Chapter 27 Quiz — The Spectral Theorem

Twelve conceptual checks. Try each before opening the answer. One-line explanations follow every answer. Remember: the Spectral Theorem applies to symmetric ($A = A^{\mathsf{T}}$) or Hermitian ($A = A^{*}$) matrices — never to a general matrix.


Q1. State the three guarantees the Spectral Theorem gives for a real symmetric matrix.

Answer (1) All eigenvalues are **real**; (2) there is an **orthonormal basis of eigenvectors**; (3) $A$ is **orthogonally diagonalizable**, $A = Q\Lambda Q^{\mathsf{T}}$ with $Q^{\mathsf{T}}Q = I$. *All three hold for every symmetric matrix, with no exceptions.*

Q2. A classmate writes "every matrix is diagonalizable, and its eigenvectors are orthogonal." What is wrong?

Answer Both claims are **false in general**. Only matrices with enough independent eigenvectors are diagonalizable (defective matrices are not), and only **symmetric/Hermitian** matrices are guaranteed orthogonal eigenvectors. *The correct statement names the condition: symmetric ⇒ orthogonally diagonalizable.*

Q3. Geometrically, what does a symmetric transformation do to space?

Answer A **pure stretch along mutually perpendicular axes** — its eigenvectors — with **no rotation and no shear**. *The eigenvalues are the stretch factors along those orthogonal eigen-axes.*

Q4. Why can a real symmetric matrix never have a complex eigenvalue?

Answer Because $A^{*} = A$ forces the scalar $\mathbf{v}^{*}A\mathbf{v} = \lambda\lVert\mathbf{v}\rVert^2$ to equal its own conjugate, so it is real; dividing by the positive real $\lVert\mathbf{v}\rVert^2$ makes $\lambda$ real (§27.4). *A complex eigenvalue would mean a hidden rotation, which symmetry forbids.*

Q5. Eigenvectors of a symmetric matrix for eigenvalues $3$ and $8$ — what is the angle between them?

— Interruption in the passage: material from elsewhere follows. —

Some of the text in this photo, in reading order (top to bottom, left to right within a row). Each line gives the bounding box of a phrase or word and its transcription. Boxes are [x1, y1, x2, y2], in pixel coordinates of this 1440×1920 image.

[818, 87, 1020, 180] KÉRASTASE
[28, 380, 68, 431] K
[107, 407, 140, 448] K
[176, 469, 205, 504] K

Answer **$90°$** (they are orthogonal), for free, because the eigenvalues are distinct (§27.5). *Symmetry slides $A$ across the dot product, forcing $(\lambda - \mu)(\mathbf{u}\cdot\mathbf{w}) = 0$; since $\lambda \ne \mu$, the dot product is zero.*

Q6. In $A = Q\Lambda Q^{\mathsf{T}}$, why do we get a transpose where general diagonalization $A = PDP^{-1}$ has an inverse?

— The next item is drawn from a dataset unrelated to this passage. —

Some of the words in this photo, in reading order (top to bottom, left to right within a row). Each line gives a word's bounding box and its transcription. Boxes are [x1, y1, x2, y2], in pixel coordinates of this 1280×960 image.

Answer Because the eigenvectors are **orthonormal**, so the change-of-basis matrix $Q$ is **orthogonal** ($Q^{-1} = Q^{\mathsf{T}}$). *The orthogonality of §27.5 is exactly what upgrades $P^{-1}$ (expensive elimination) to a free transpose.*

Q7. What is each term $\mathbf{q}_i\mathbf{q}_i^{\mathsf{T}}$ in the spectral decomposition $A = \sum_i\lambda_i\mathbf{q}_i\mathbf{q}_i^{\mathsf{T}}$?

Answer A **rank-one orthogonal projector** onto the line spanned by the unit eigenvector $\mathbf{q}_i$ (symmetric and idempotent, $P_i^2 = P_i$). *A symmetric matrix is a weighted sum of perpendicular projections, weighted by the eigenvalues.*

Q8. Which numpy function should you use for a symmetric or Hermitian matrix, and why not the general eig?

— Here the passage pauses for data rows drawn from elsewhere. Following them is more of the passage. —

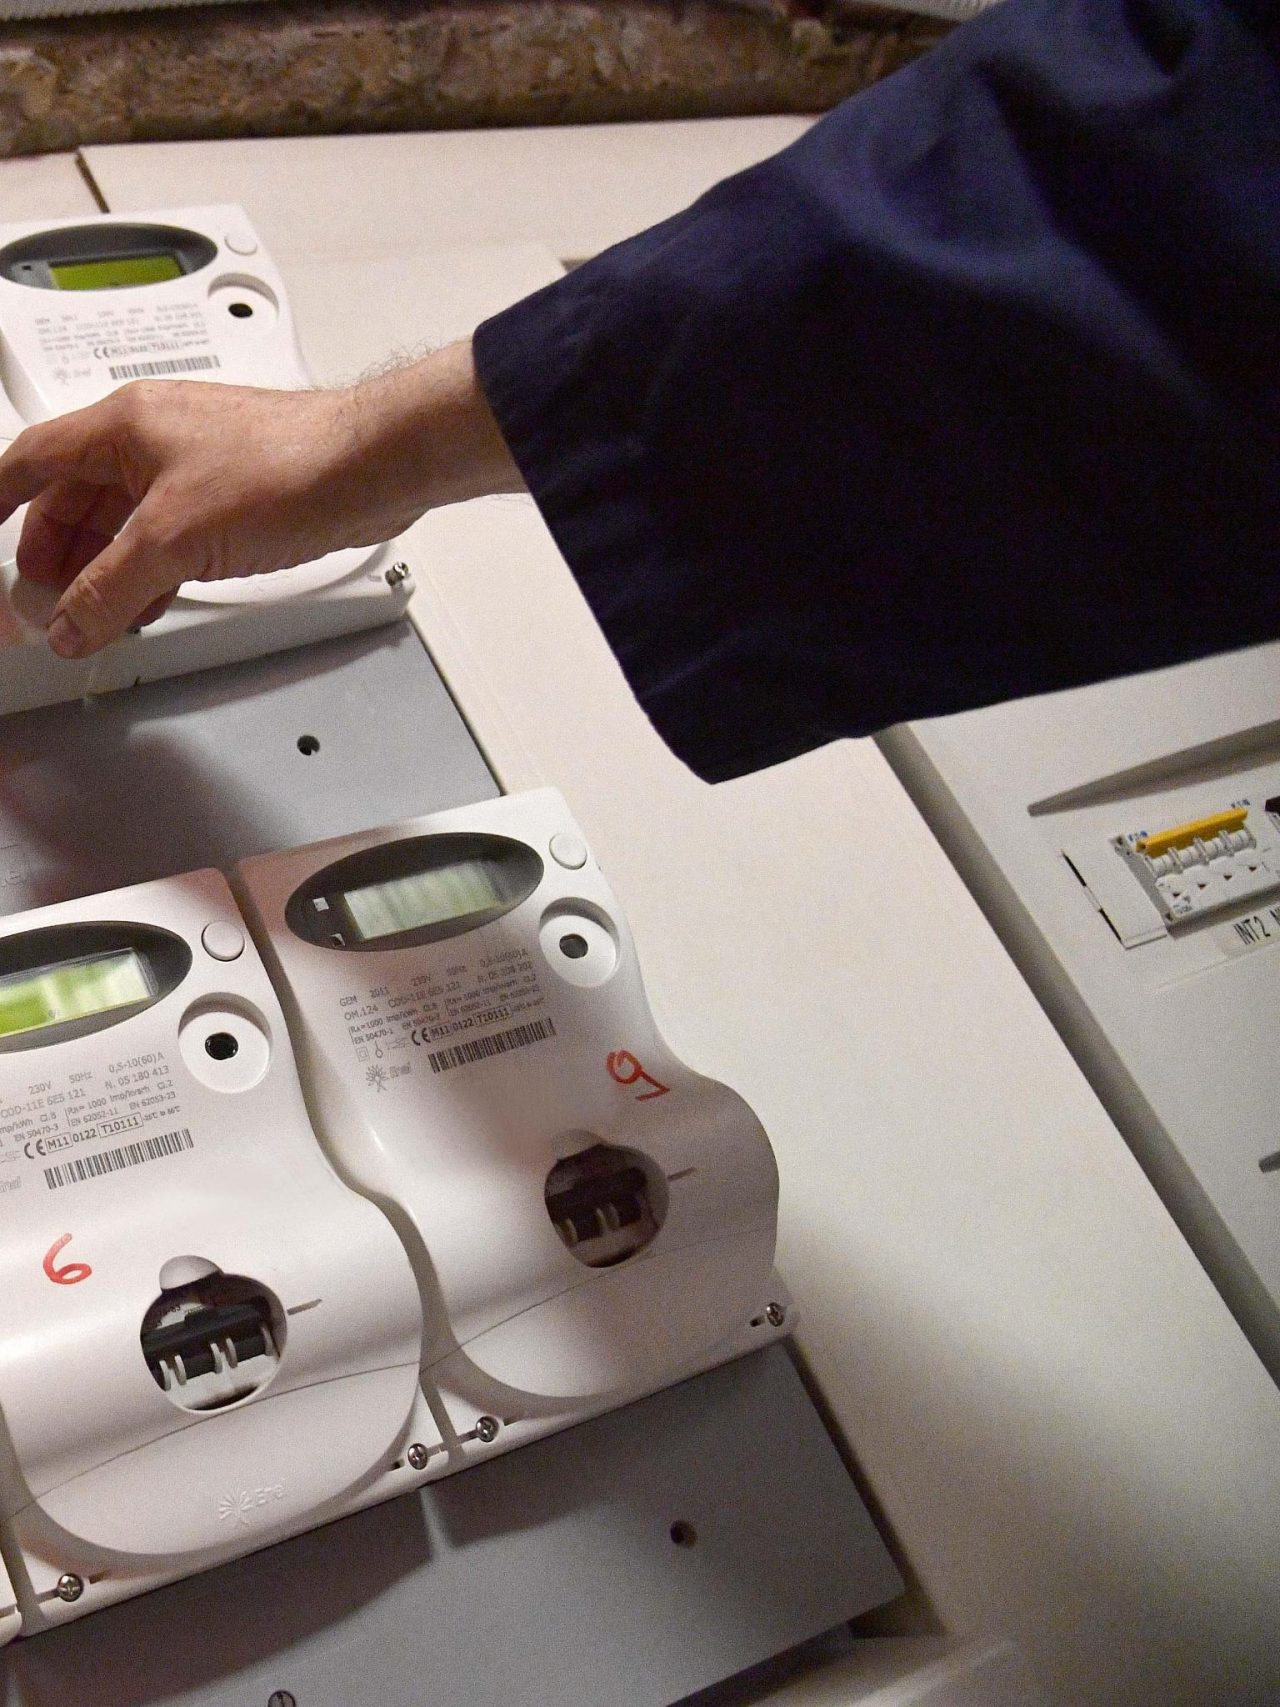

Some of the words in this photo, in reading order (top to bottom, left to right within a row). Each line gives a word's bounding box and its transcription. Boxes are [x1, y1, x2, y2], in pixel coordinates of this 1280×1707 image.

[28, 1080, 52, 1095] 230V
[607, 1050, 670, 1101] 9
[47, 1136, 70, 1150] M11
[72, 1128, 97, 1143] 0122
[100, 1116, 139, 1134] T10111
[43, 1233, 92, 1284] 6

Answer **`np.linalg.eigh`** (the "h" is for Hermitian). *It is faster and more accurate, and it is guaranteed to return real eigenvalues and orthonormal eigenvectors — exactly the Spectral Theorem's promise — whereas `eig` may return spurious tiny imaginary parts and non-orthonormal vectors.*

Q9. The matrix $M = \begin{psmallmatrix}2 & 1\\ 0 & 3\end{psmallmatrix}$ has two distinct real eigenvalues. Is it orthogonally diagonalizable?

Answer **No.** It is diagonalizable (distinct eigenvalues), but it is **not symmetric**, and its eigenvectors $(1,0)$ and $(1,1)$ are **not orthogonal** (dot product $1$). *Diagonalizable does not imply orthogonally diagonalizable — only symmetry guarantees perpendicular eigenvectors.*

Q10. What is the complex analogue of a symmetric matrix, and what does the Spectral Theorem guarantee about it?

Answer A **Hermitian** matrix, $A = A^{*}$ (conjugate transpose). It has **real eigenvalues** and an orthonormal eigenbasis, and is **unitarily diagonalizable**, $A = U\Lambda U^{*}$ with $U^{*}U = I$. *The most general unitarily diagonalizable class is the **normal** matrices, $AA^{*} = A^{*}A$.*

Q11. Why must a quantum observable be a Hermitian matrix?

Answer Because the possible measurement outcomes are its **eigenvalues**, and measured quantities (energy, spin, position) are **real numbers** — so the eigenvalues must be real, which §27.4 guarantees precisely when $A = A^{*}$. *The orthogonal eigenstates (§27.5) are the states with definite values of the observable.*

Q12. The eigenvalues of the symmetric matrix of a quadratic form $q(\mathbf{x}) = \mathbf{x}^{\mathsf{T}}A\mathbf{x}$ are $6$ and $-2$. Is the level set $q = 1$ an ellipse or a hyperbola, and is the origin a minimum or a saddle?

Answer **Hyperbola** and a **saddle**. In eigen-coordinates $q = 6y_1^2 - 2y_2^2$ (mixed signs), so the level set is a hyperbola and the origin rises along one eigen-axis but falls along the other. *Mixed-sign eigenvalues always mean a saddle — the second-derivative test of Chapter 28.*